__EXERCISE DIRECTIONS__
Only the text of the records below belongs in the answer, copied exactly, with pictures omitted.
== Segment start ==
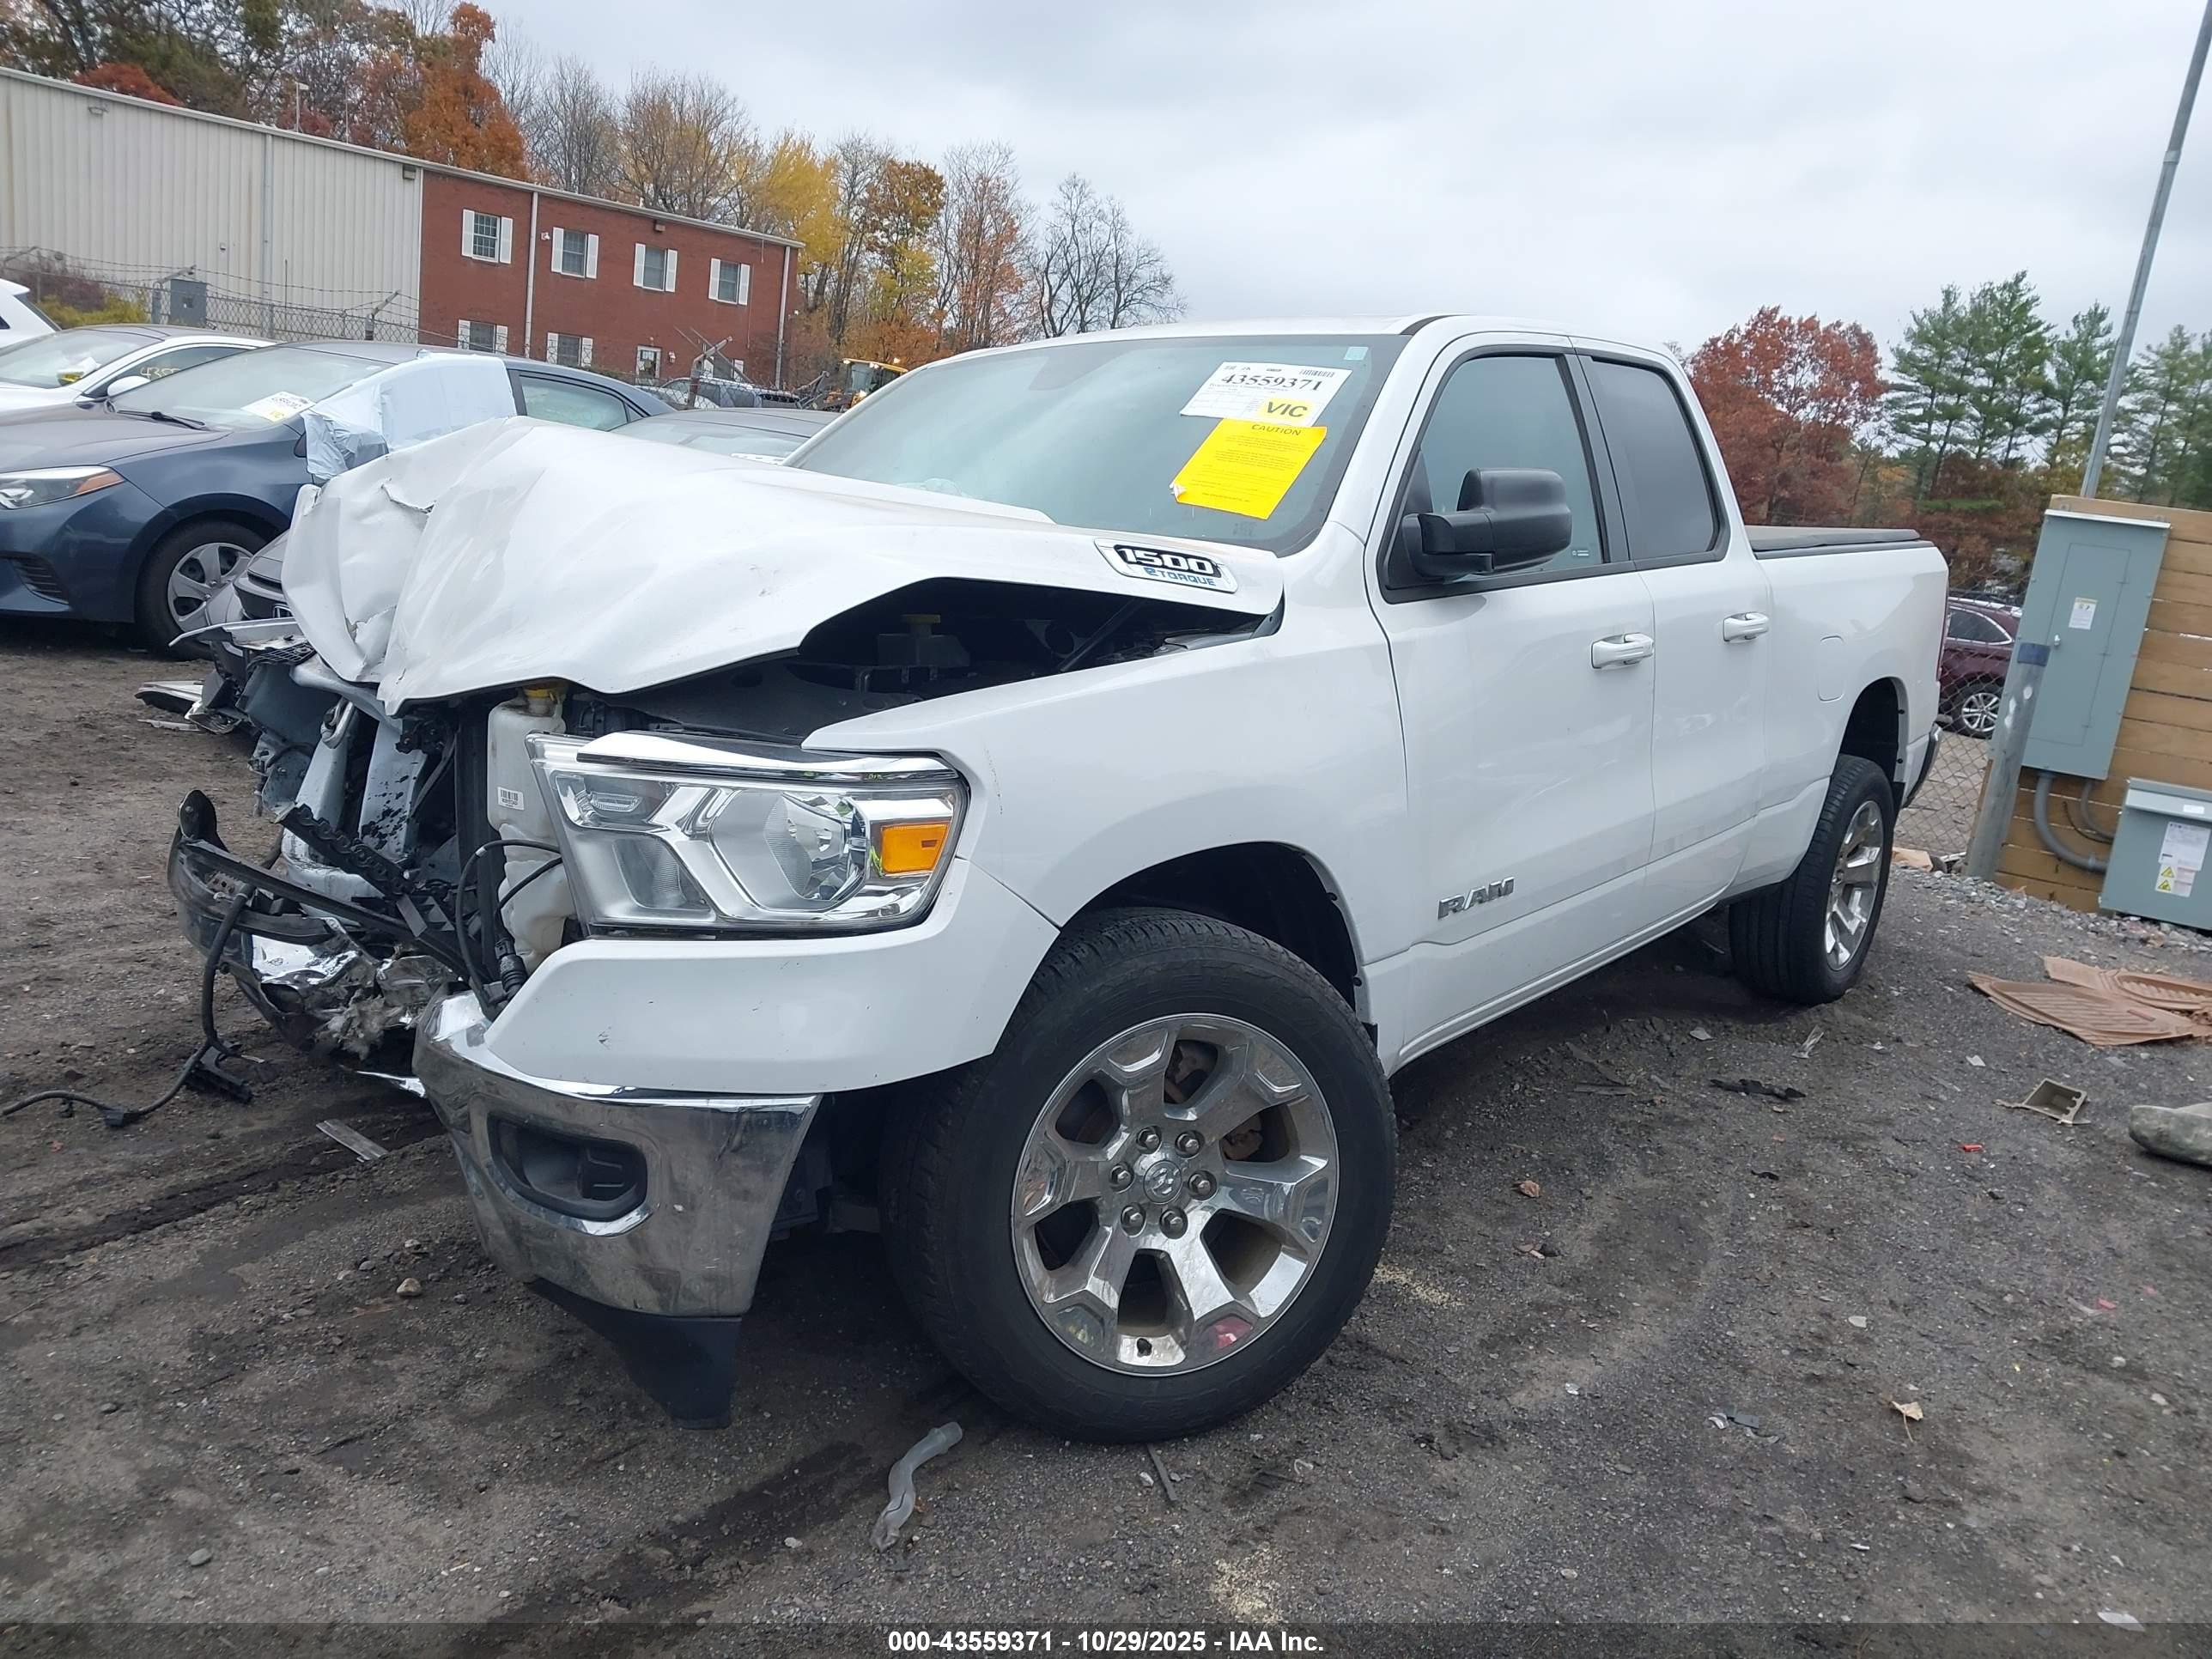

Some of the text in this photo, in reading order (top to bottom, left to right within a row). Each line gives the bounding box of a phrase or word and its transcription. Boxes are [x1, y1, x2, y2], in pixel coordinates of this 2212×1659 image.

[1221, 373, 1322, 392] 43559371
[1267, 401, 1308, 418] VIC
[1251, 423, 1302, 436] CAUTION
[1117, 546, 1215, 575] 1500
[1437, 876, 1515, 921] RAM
== Segment end ==
__EXPECTED ANSWER__
Some of the text in this photo, in reading order (top to bottom, left to right within a row). Each line gives the bounding box of a phrase or word and its transcription. Boxes are [x1, y1, x2, y2], in pixel coordinates of this 2212×1659 image.

[1221, 373, 1322, 392] 43559371
[1267, 401, 1308, 418] VIC
[1251, 423, 1302, 436] CAUTION
[1117, 546, 1215, 575] 1500
[1437, 876, 1515, 921] RAM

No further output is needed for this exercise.